+++ DATA FOR THIS EXERCISE

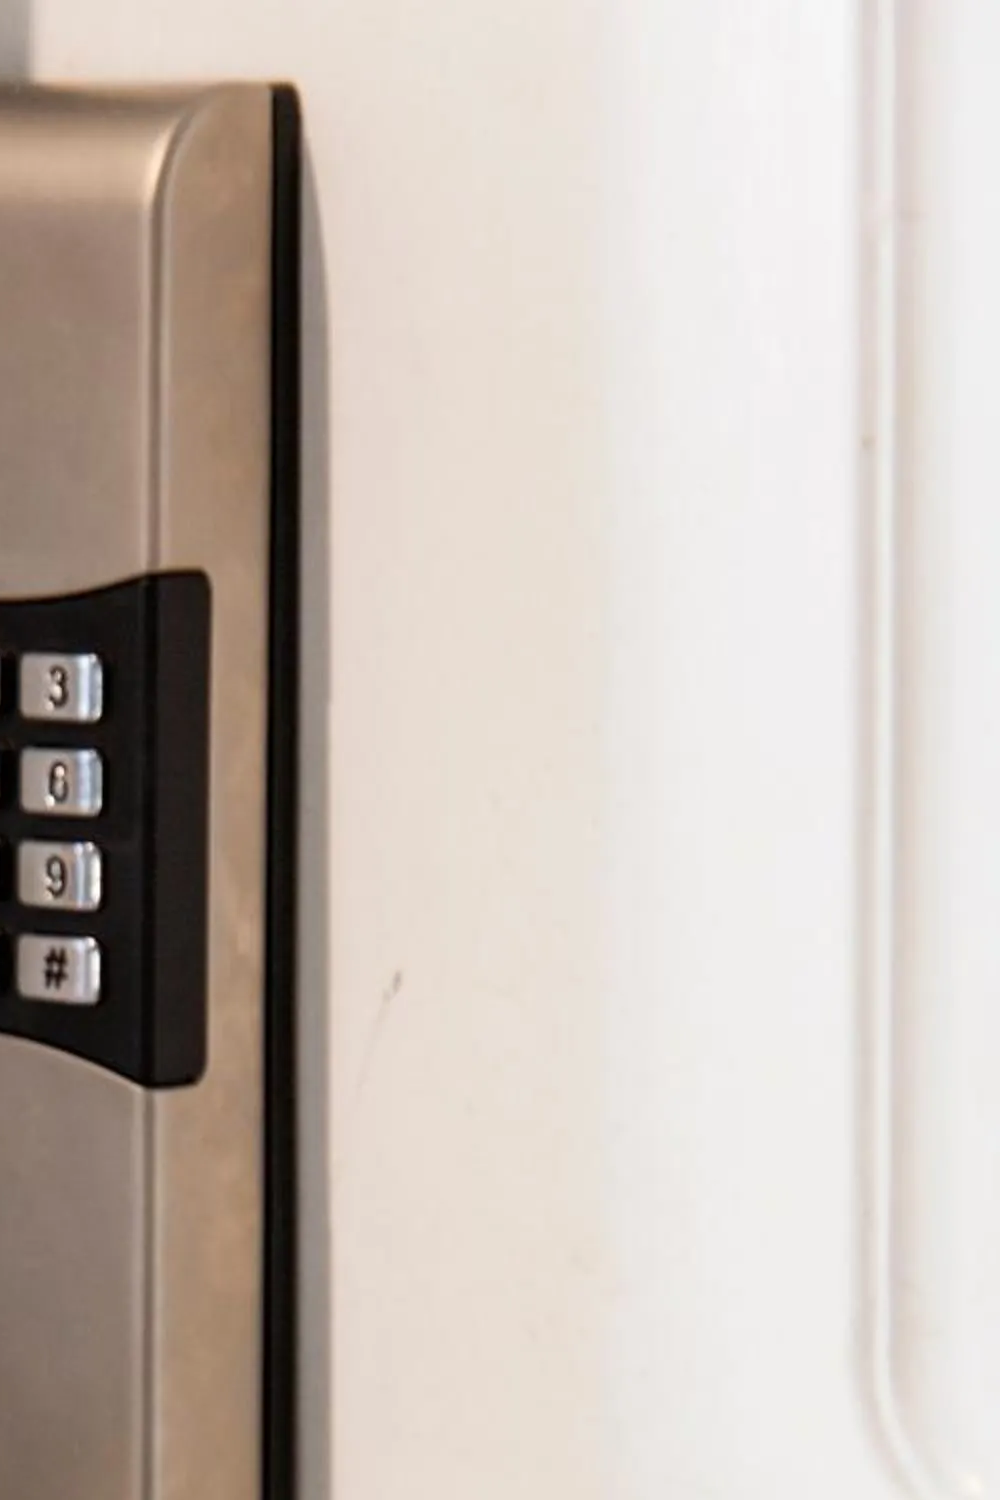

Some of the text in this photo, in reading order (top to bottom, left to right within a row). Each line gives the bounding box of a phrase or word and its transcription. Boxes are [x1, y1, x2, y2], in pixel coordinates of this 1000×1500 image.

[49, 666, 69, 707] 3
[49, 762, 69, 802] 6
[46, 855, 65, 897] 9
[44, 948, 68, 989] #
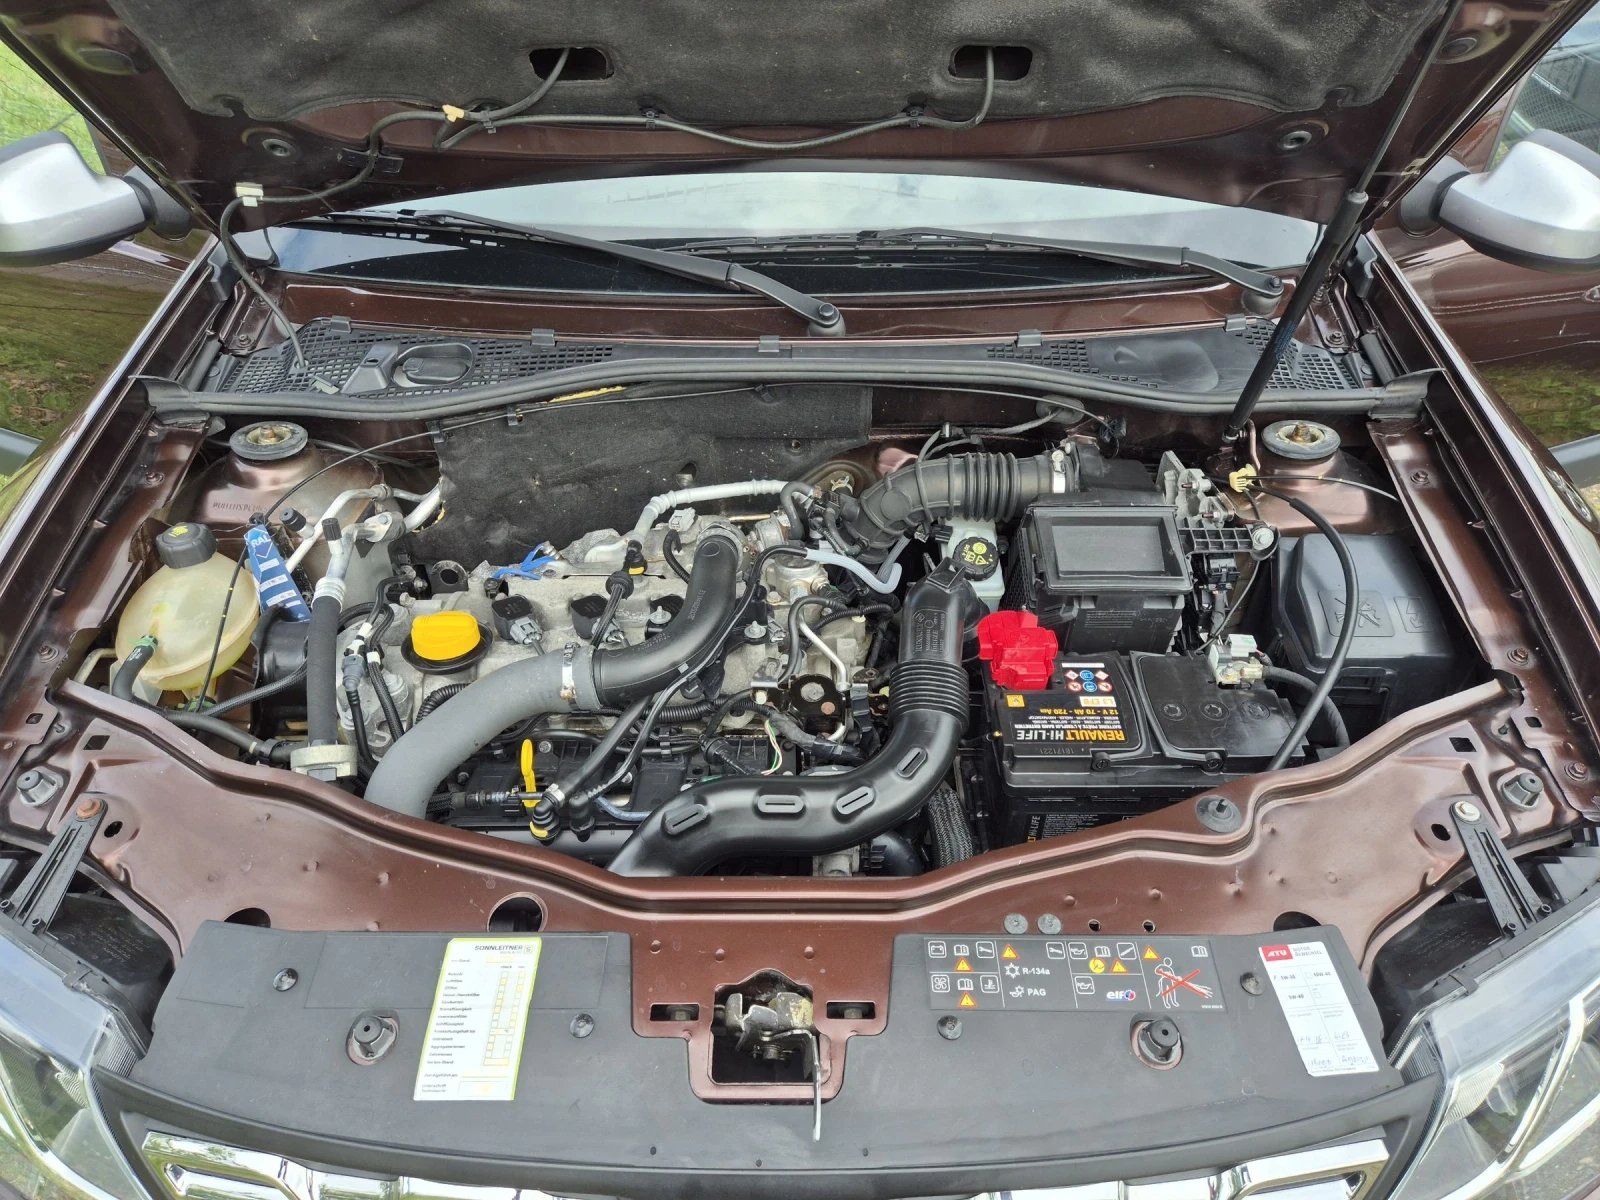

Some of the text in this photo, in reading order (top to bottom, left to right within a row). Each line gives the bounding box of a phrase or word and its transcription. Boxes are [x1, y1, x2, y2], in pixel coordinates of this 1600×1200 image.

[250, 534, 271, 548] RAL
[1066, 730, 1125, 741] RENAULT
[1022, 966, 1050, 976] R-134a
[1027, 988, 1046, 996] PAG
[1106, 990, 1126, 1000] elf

++++++

- ASSIGNED TASK
Omit all pictures and repeat the rest of the records verbatim.

- SOLUTION FOR THIS PROBLEM
Some of the text in this photo, in reading order (top to bottom, left to right within a row). Each line gives the bounding box of a phrase or word and its transcription. Boxes are [x1, y1, x2, y2], in pixel coordinates of this 1000×1500 image.

[49, 666, 69, 707] 3
[49, 762, 69, 802] 6
[46, 855, 65, 897] 9
[44, 948, 68, 989] #

Some of the text in this photo, in reading order (top to bottom, left to right within a row). Each line gives the bounding box of a phrase or word and its transcription. Boxes are [x1, y1, x2, y2], in pixel coordinates of this 1600×1200 image.

[250, 534, 271, 548] RAL
[1066, 730, 1125, 741] RENAULT
[1022, 966, 1050, 976] R-134a
[1027, 988, 1046, 996] PAG
[1106, 990, 1126, 1000] elf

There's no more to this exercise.